The averaged epoch for ERP was 1200 ms including a 200 ms pre-stimulus baseline. Trials were accepted only if participants gave correct response to both T1 and T2. EEG images evoked by the positive, neutral, and negative emotions were overlaid and averaged. On the basis of the hypothesis and the topographical distribution of grand-averaged ERP activity, P2 and LPP were chosen for statistical analysis in the presented study. The P2 component (150–280 ms) were analyzed at the following nine electrode sites (Fz, F3, F4, FCz, FC3, FC4, Cz, C3, C4), we used local peak detection for each of the nine electrode sites (Fz, F3, F4, FCz, FC3, FC4, Cz, C3, C4) and applied a peak detection over the common (across three conditions) grand average (coming up with nine latencies), which was then commonly used even if a particular participant did not have a peak there, 21 sites (Fz, F3, F4, FCz, FC3, FC4, Cz, C3, C4, CPz, CP3, CP4, Pz, P3, P4, POz, PO3, PO4, Oz, O1, O2) were chosen for the analysis of LPP (400–500 ms). The baseline-to-peak amplitude was computed for P2 component while average amplitude was computed for LPP. Amplitudes and latency of each component were measured by a two-way repeated-measure analysis of variances (ANOVAs). Factors involved in the analysis were emotional types (three levels: positive, neutral and negative) and electrodes site, p-values were corrected by Greenhouse-Geisser correction.
Results
Behavior Results
The results of ANOVA for the accuracy revealed a significant main effect of emotional type, F(2,34) = 5.40, p = 0.018, η2 = 0.241. The results of pairwise comparison showed that the accuracies of negative emotion pictures (97.06 ± 2.86%) were higher than positive emotion pictures (91.89 ± 7.05%) and neutral pictures (89.56 ± 11.55%), and there was no significant difference between positive and neutral pictures (p > 0.05).
ERP Data Analysis
P2
As showed in Figure 2, the P2 amplitudes revealed significant main effects of emotion type, F(2,34) = 8.83, p = 0.003, η2 = 0.525, and electrode, F(8,136) = 3.13, p = 0.026, η2 = 0.155, there was no significant interaction between emotional type and electrode. Positive pictures (3.29 μV, p = 0.001) and negative pictures (3.02 μV, p = 0.001) elicited greater amplitudes than neutral pictures (1.27 μV), and the amplitudes elicited by positive and negative pictures showed no significant difference (p = 0.562). Frontal electrode elicited lager P2 amplitudes than the other part. The P2 latency showed no significant difference both of main effect and interaction effect.
Late Positive Potential
In Figure 3, the LPP amplitudes revealed significant main effects of emotion type and electrode [F(2,34) = 13.10, p < 0.001, η2 = 0.435; F(20,340) = 4.93, p = 0.01], there was no significant interaction between emotional type and electrode. Negative pictures elicited greater (7.69 μV) amplitudes than positive pictures (6.34 μV, p = 0.015) and neutral pictures (4.37 μV, p < 0.001), and the LPP amplitudes elicited by positive pictures was greater than neutral pictures (p = 0.015). Pz electrode elicited the largest LPP amplitudes (7.29 μV, see Figure 4).
.
Discussion
In this study, the behavioral data showed that the participants’ accuracy on negative pictures was higher than their accuracies on positive and neutral pictures (showed no difference). This is in line with the notion that negative stimuli are prioritized in emotion processing given their strong biological significance. Furthermore, the ERP results showed that positive and negative pictures (no difference) elicited larger P2 amplitudes than did neutral pictures. Additionally, the LPP amplitudes elicited by negative pictures were larger than those elicited by non-negative pictures, while positive pictures elicited larger LPP amplitudes than did neutral ones.

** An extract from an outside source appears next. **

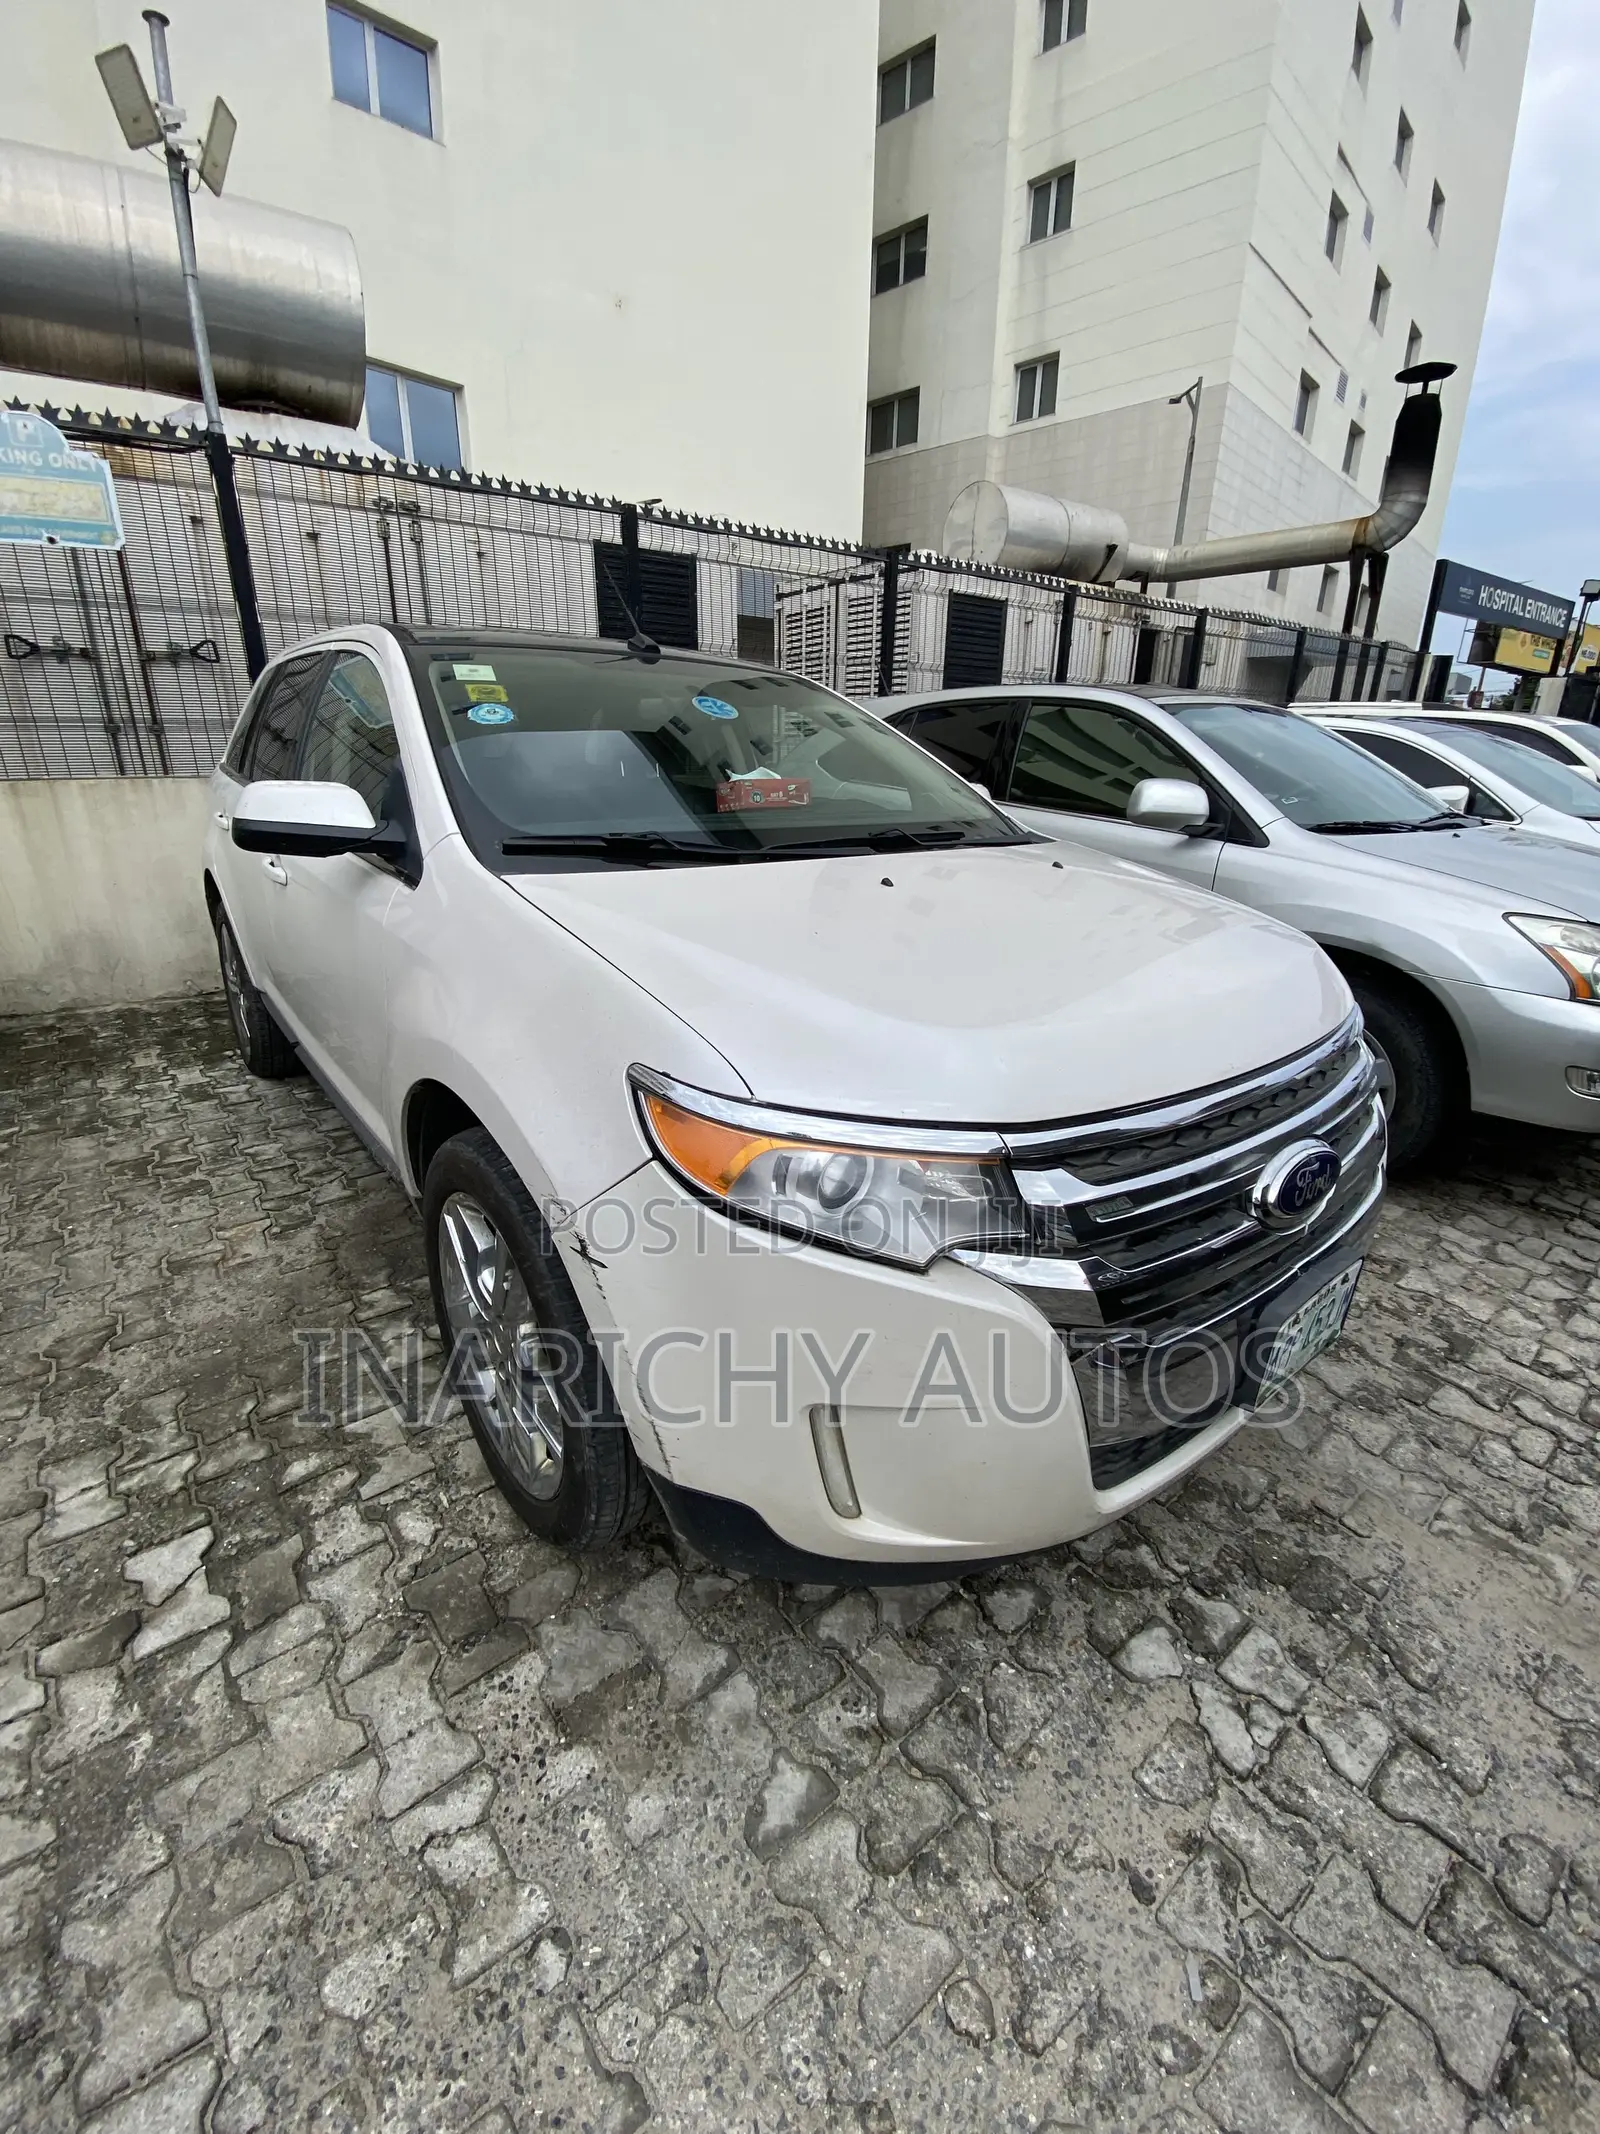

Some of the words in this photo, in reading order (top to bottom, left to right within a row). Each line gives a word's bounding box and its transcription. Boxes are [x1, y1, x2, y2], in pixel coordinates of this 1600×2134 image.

[1478, 585, 1524, 616] HOSPITAL
[1524, 598, 1567, 628] ENTRANCE
[1295, 1162, 1331, 1206] Ford
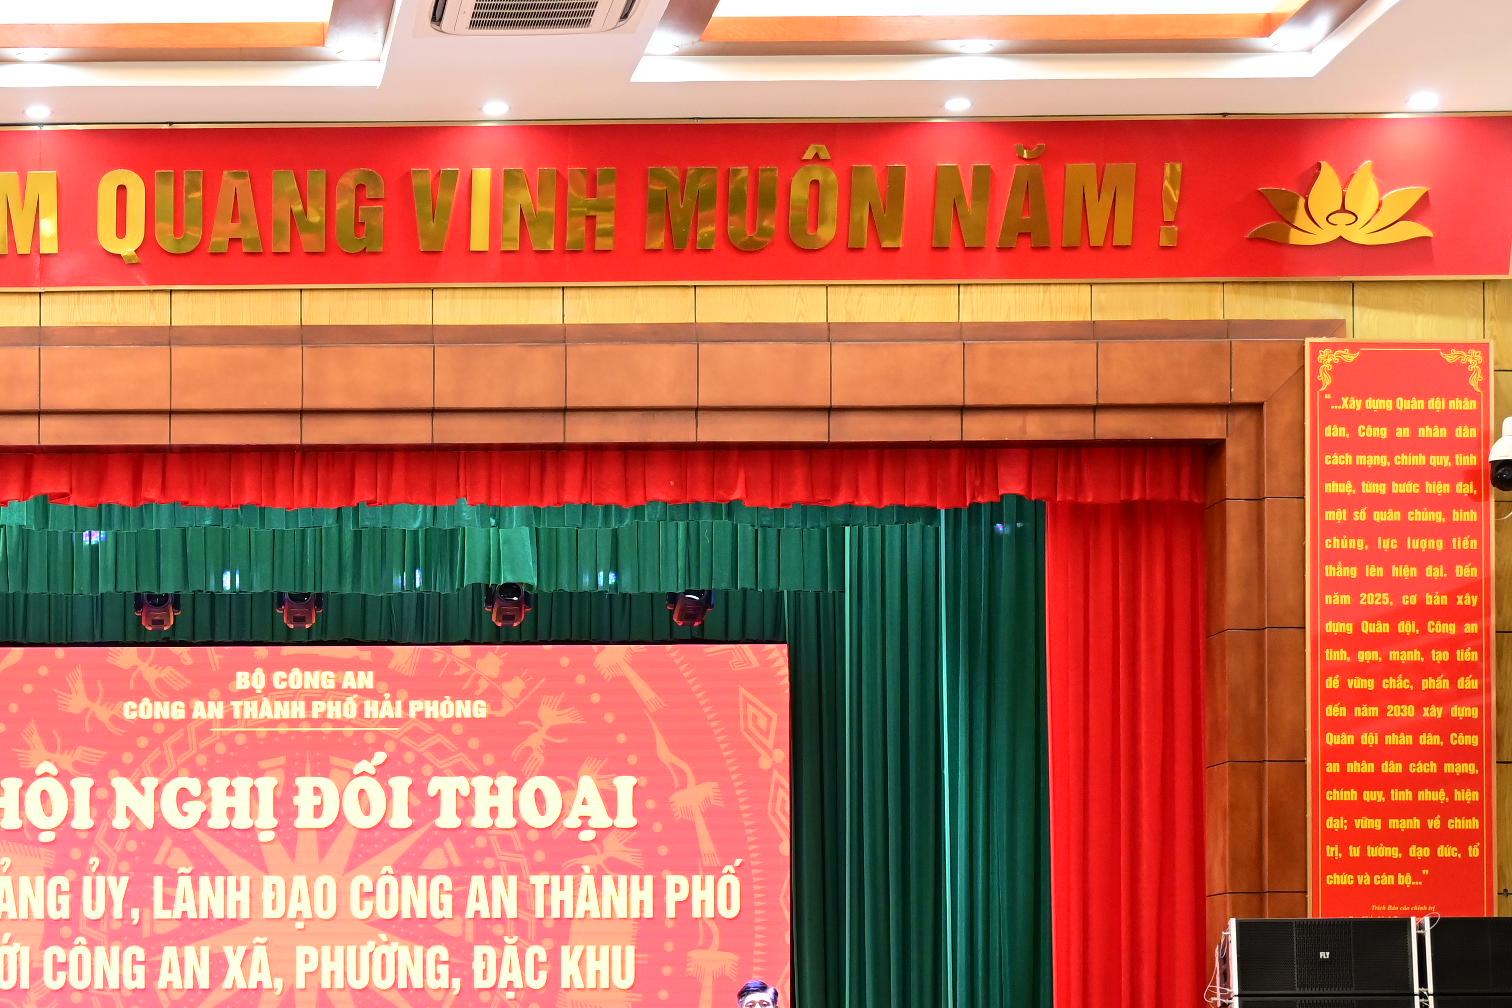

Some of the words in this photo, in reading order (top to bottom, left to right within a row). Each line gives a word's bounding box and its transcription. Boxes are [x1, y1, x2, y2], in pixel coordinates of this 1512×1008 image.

In the RSVP paradigm, a series of stimuli, such as pictures, letters, words, or digits is presented in rapid succession at the same location. Usually, the stimuli are presented at the rate of 6–20 item per second, and the participants are instructed to only react to one or more stimuli (the target stimuli) that are different from the other stimuli in the series (distraction stimuli) in color, brightness or other features (Broadbent and Broadbent, 1987; Raymond et al., 1992; Isaak et al., 1999). Many studies (Broadbent and Broadbent, 1987; Weichselgartner and Sperling, 1987; Raymond et al., 1992; Isaak et al., 1999) have indicated that this special paradigm is useful for exploring the temporal characteristics of attentive processes. Additionally, previous studies (Chun, 1997; Kessler et al., 2005; Shapiro et al., 2006) revealed that the attentional resources and task difficulty were affected by two factors, the inter-stimulus interval (the attentional blink appeared when the inter-stimulus interval ranged from 200 to 500 ms) and the number of tasks (participants perform better on a single-task than on a dual-task, which is referred to as the attentional blink), especially in the middle and late stage of emotion processing (for details, please refer to our previous work). The three-stage model of emotional facial expressions and words processing proposed in our previous studies (Luo et al., 2010; Zhang et al., 2014; Yi et al., 2015), was based on the lack of attentional resources, i.e., a process is in accordance with the three-stage model only when the processing of emotional facial expressions and words is within the attentional blink time window. The present study aimed to test whether the processing of emotional pictures other than faces is also in line, or partly in line, with the three-stage model; therefore, the test needed to be conducted under conditions where the participants lacked attentional resources. Based on the above considerations, the present study adopted the dual-task experimental procedure based on the RSVP paradigm.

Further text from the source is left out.